China ‘supera os EUA’ na corrida da biotecnologia para encontrar cura para a doença de Parkinson

Pesquisadores chineses afirmam estar ultrapassando os concorrentes internacionais no desenvolvimento de terapias com células-tronco para a doença de Parkinson, citando maior eficiência e um cronograma de ensaios clínicos mais rápido.
O Parkinson é frequentemente descrito como um distúrbio do movimento. Seus sintomas são causados pela falha do cérebro em produzir dopamina suficiente, devido à morte ou disfunção dos neurônios especializados responsáveis pela geração da substância química.
Na procura de uma cura, investigadores de todo o mundo estão a explorar terapias com células estaminais destinadas a repor os neurónios dopaminérgicos perdidos – um campo em que uma empresa chinesa afirma estar a assumir a liderança.

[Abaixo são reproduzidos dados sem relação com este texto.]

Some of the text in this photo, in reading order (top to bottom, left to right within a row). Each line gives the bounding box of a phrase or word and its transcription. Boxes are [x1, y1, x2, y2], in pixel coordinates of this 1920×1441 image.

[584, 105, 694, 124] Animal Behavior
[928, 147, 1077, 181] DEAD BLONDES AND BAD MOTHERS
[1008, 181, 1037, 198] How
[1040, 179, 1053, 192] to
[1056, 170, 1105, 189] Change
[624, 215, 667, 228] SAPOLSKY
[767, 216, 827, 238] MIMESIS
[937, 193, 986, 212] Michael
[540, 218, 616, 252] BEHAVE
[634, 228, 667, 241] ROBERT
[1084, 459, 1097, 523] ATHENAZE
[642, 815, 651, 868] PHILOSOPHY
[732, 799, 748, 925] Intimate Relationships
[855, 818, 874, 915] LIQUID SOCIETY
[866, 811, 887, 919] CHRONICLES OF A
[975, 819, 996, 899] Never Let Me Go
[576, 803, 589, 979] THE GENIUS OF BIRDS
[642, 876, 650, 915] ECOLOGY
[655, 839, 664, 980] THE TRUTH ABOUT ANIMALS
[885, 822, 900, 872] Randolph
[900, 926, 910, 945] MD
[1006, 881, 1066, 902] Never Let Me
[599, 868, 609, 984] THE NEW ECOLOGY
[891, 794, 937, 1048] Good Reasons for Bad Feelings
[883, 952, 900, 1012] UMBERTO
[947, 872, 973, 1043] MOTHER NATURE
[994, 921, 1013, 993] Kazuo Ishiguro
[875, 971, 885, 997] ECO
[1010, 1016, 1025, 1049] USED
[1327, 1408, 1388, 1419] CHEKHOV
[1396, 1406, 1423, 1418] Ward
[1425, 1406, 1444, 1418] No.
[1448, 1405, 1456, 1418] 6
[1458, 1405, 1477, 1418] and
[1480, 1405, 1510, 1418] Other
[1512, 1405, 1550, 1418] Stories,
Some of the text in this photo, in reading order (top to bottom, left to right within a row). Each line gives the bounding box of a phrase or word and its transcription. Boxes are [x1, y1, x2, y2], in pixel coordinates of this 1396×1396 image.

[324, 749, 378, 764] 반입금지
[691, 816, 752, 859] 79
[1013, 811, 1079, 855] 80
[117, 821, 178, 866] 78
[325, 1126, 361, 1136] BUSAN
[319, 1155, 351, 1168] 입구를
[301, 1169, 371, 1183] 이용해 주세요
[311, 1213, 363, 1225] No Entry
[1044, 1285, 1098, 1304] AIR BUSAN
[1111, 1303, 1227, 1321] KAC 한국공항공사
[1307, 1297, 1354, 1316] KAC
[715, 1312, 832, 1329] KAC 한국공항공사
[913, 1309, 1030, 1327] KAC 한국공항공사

A Nuwacell Biotechnologies foi fundada há uma década em Hefei, província de Anhui, pelos biólogos de células-tronco Yu Junying e Zhang Ying após seu retorno à China vindos de importantes instituições dos EUA.
Em declarações ao South China Morning Post após uma conferência de intercâmbio académico em Pequim, Yu – o cientista-chefe da empresa – disse que a terapia da Nuwacell estava a mostrar “eficiência significativamente maior” do que as equipas internacionais rivais dos EUA e do Japão.
“As nossas células, uma vez introduzidas no corpo, convertem-se em neurónios dopaminérgicos a uma taxa de 80 a 90 por cento, enquanto os dados publicados por outras equipas são inferiores a 25 por cento”, disse ela.